Untangling the ethical principles shrouding the new COVID-19 vaccines -more than we might realise!

Written by Rahil Samlal and Kinjaal Nagindas

While the impact of the severe acute respiratory syndrome coronavirus 2 (SARS-CoV-2), which causes the coronavirus disease 2019 (COVID-19), has been felt globally, there remains much confusion surrounding deeper aspects of how the virus replicates, where it came from, how it causes symptoms, and finally, what our best strategies are in combating it. Since it was given pandemic status in March 2020 by the World Health Organisation (WHO), even till now, almost ten months later, there seems to be more questions than answers - as is the nature with novel viruses. With the rise in cases and death toll during the second wave which has swept nations worldwide, a vaccine is likely the best candidate in our arsenal of defence against the virus, and many think this would allow the world to get back to a ‘slightly-more-normal’ place, if such a place is even possible. One would not be surprised that there is a cloud of differing opinions surrounding vaccine development and its impacts.

The aim is to discuss the ethical considerations surrounding these opinions and facts to hopefully unjumble the mass thread of hysteria and misinformation often attached to vaccines and what they are made of.

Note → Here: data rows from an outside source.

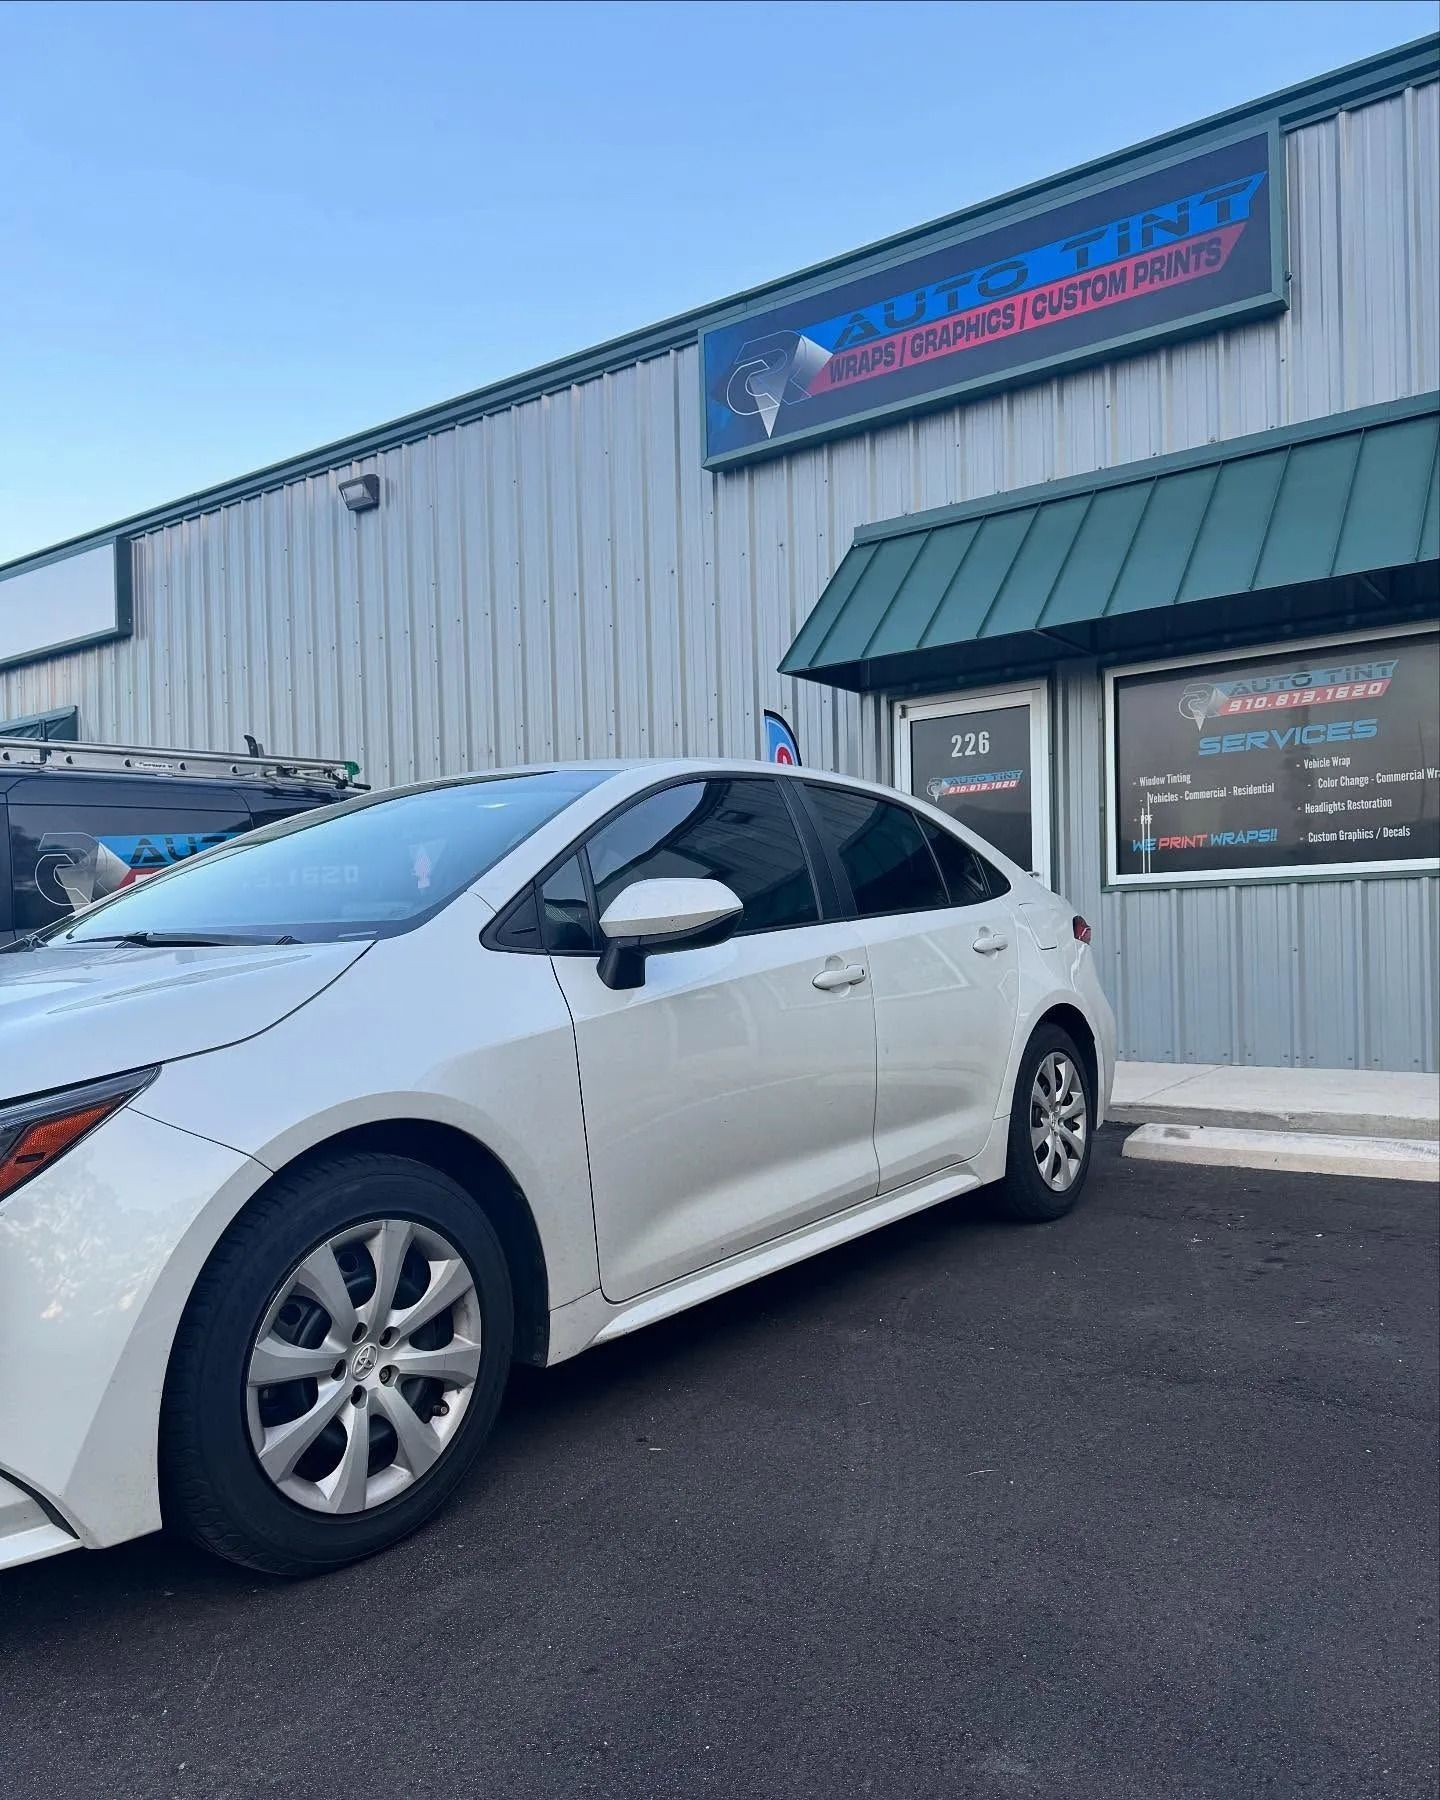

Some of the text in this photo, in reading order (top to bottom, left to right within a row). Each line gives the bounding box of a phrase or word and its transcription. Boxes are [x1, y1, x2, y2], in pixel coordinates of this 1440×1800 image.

[829, 340, 896, 384] WRAPS
[910, 302, 1015, 359] GRAPHICS
[1031, 266, 1128, 321] CUSTOM
[1132, 236, 1223, 291] PRINTS
[833, 259, 1029, 351] AUTO
[1226, 673, 1313, 697] AUTO
[1228, 682, 1383, 712] 910.813.1620
[951, 731, 990, 758] 226
[1198, 718, 1378, 756] SERVICES
[1303, 756, 1351, 769] Vehicle Wrap
[949, 775, 987, 785] AUTO
[1139, 772, 1192, 787] Window Tinting
[1318, 777, 1338, 789] Color
[1340, 775, 1369, 788] Change
[1376, 768, 1425, 784] Commercial
[1149, 791, 1179, 804] Vehicles
[1184, 787, 1227, 801] Commercial
[1233, 782, 1275, 796] Residential
[1305, 797, 1393, 814] Headlights Restoration
[1132, 828, 1278, 852] WE PRINT WRAPS!!
[1308, 831, 1337, 843] Custom
[1339, 828, 1374, 842] Graphics
[1383, 825, 1411, 838] Decals
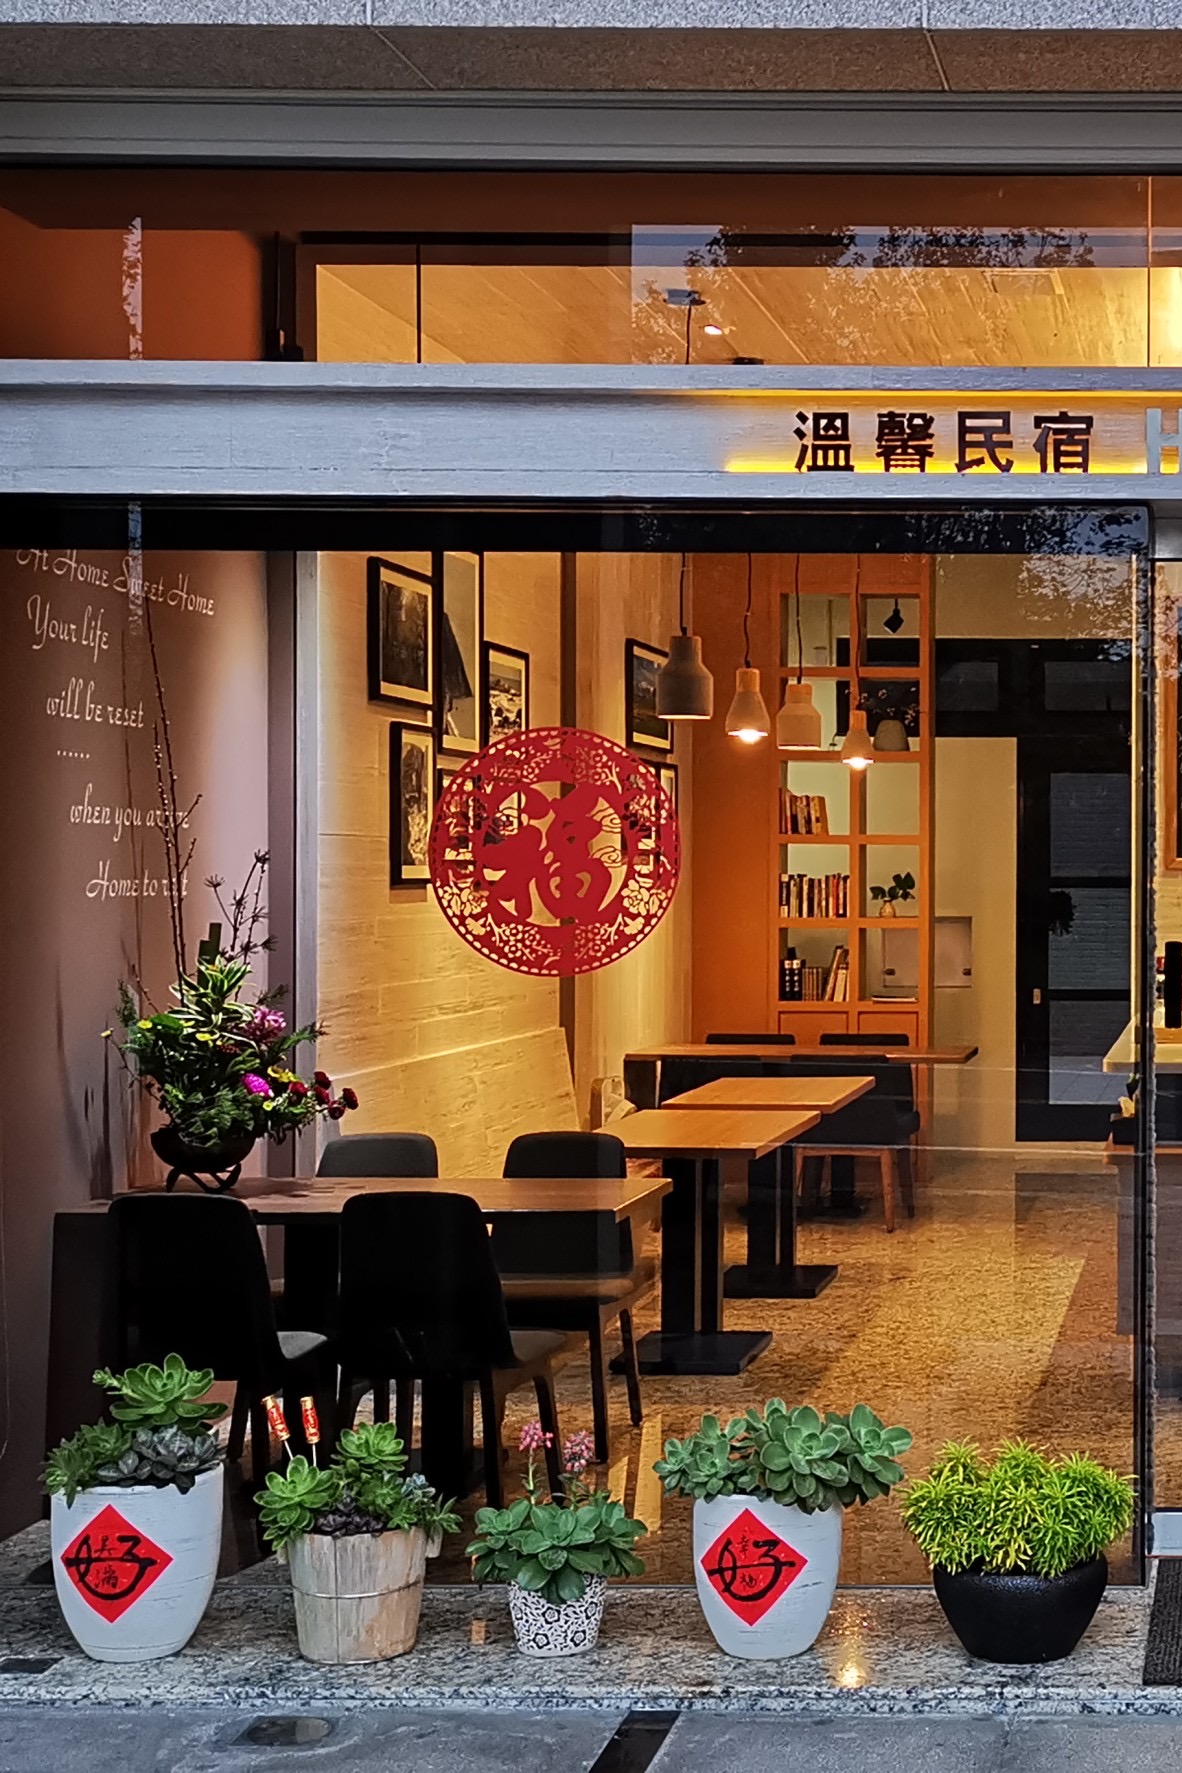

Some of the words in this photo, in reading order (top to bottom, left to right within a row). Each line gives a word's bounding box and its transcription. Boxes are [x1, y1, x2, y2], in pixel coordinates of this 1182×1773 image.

[794, 410, 1095, 474] 溫馨民宿
[53, 549, 109, 587] Home
[113, 556, 165, 602] Sweet
[167, 573, 215, 616] Home
[27, 594, 77, 650] Your
[82, 605, 109, 664] life
[46, 677, 83, 719] will
[85, 681, 103, 722] be
[107, 701, 145, 728] reset
[70, 783, 111, 824] when
[113, 808, 142, 842] you
[86, 859, 139, 900] Home
[143, 869, 158, 896] to
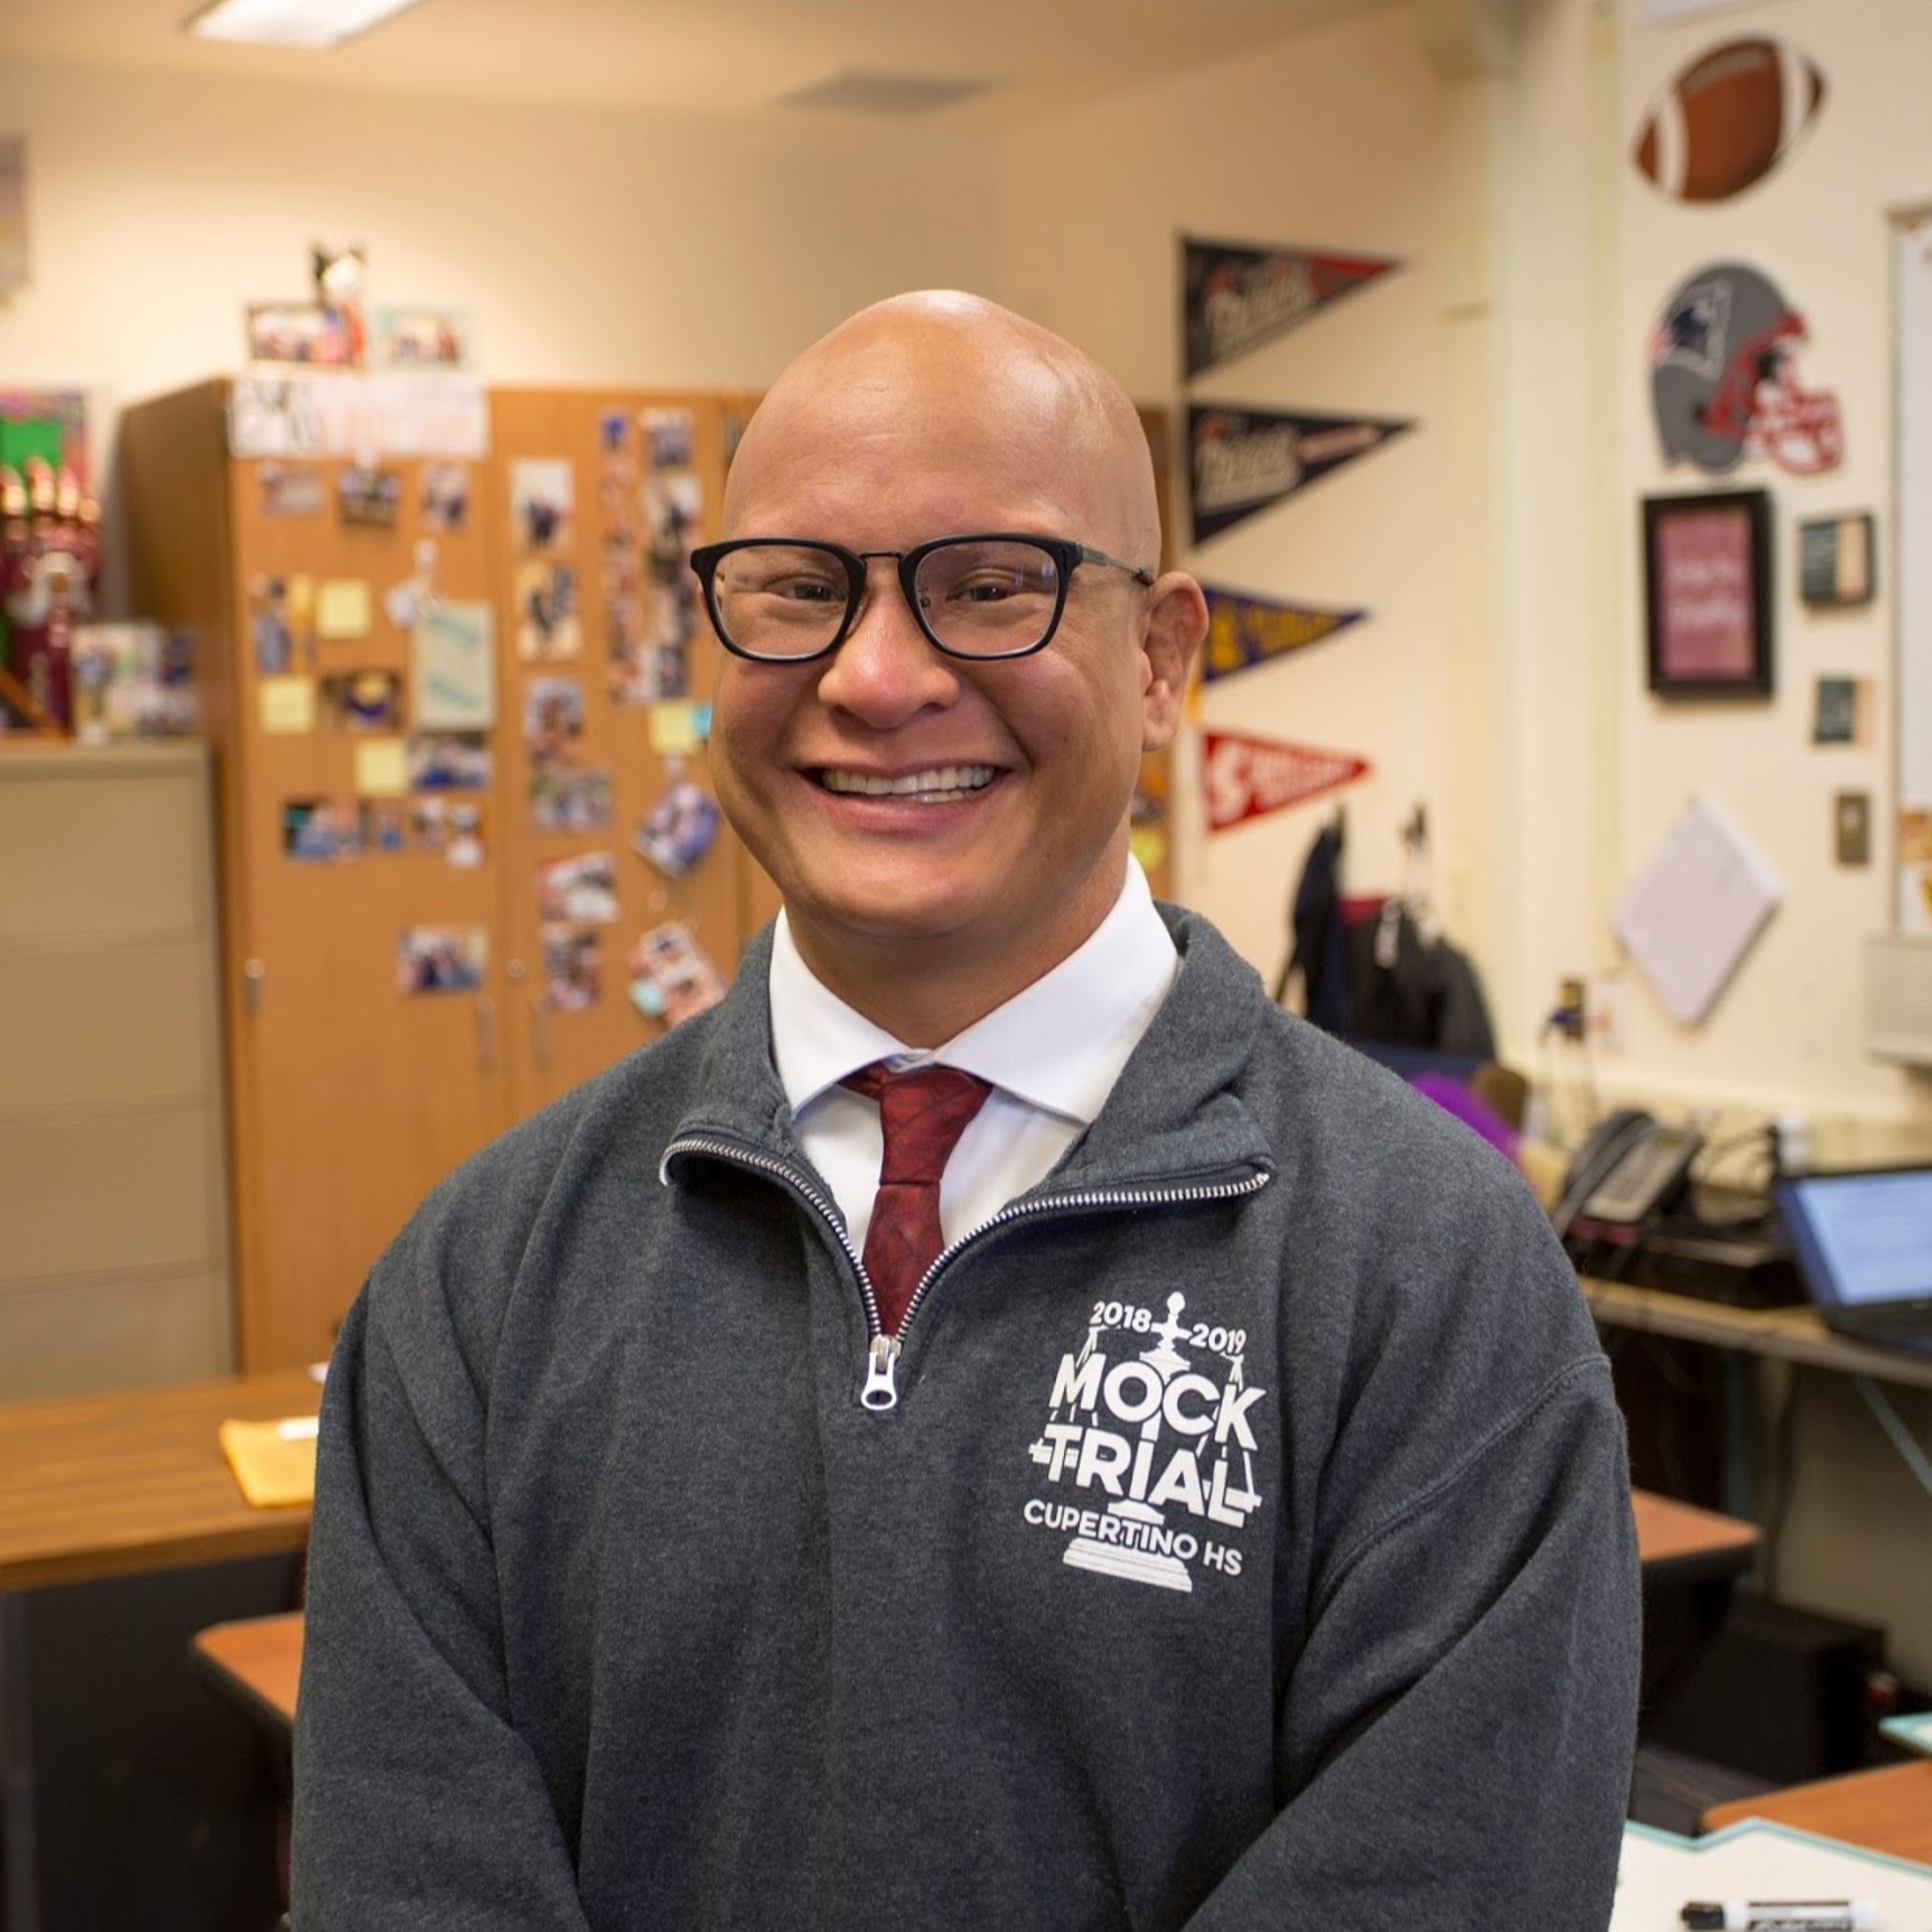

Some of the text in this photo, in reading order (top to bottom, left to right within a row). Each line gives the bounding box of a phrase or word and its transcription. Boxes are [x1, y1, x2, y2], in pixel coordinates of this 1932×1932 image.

Additionally, the article will discuss different prophylactic treatment options like the use of convalescent plasma as well as the antiviral drug remdesivir.

How did we get here?

On the 31st of December 2019, the WHO country Office in the People’s Republic of China (PRC) had picked up on a media statement which was made by the Wuhan Municipal Health Commission. This was from their website which documented cases of viral pneumonia outbreaks in Wuhan, PRC, of which the cause was unknown. In January of 2020, the world would know the disease responsible as COVID-19 caused by the novel SARS-CoV-2, and cases were concentrated in Wuhan, but it would be spreading rapidly both in and out of the PRC with reports of people dying from the disease as early as January and February 2020 in the United States, which was later confirmed.

What are the origins of SARS-CoV-2?

SARS-CoV-2 is a virus in the subfamily Coronaviridae. Looking at phylogenetic relationships, the subfamily can be split into four distinct genera: α-, β-, γ-, and δ-CoV. What is of concern to humans are the members of the α- and β-CoVs. These viral particles have a positive-sense single stranded RNA surrounded by a lipid envelope (this is a key aspect to the infectious cycle within host cells), and this has the ability to cause an array of diseases related to the enteric, hepatic, respiratory, and neurological systems in both mammals and birds. Presently, two coronaviruses are spreading within humans, two α-CoVs (229E and NL63) and two β-CoVs (OC43 and HKU1) which cause symptoms overlapping with the common cold.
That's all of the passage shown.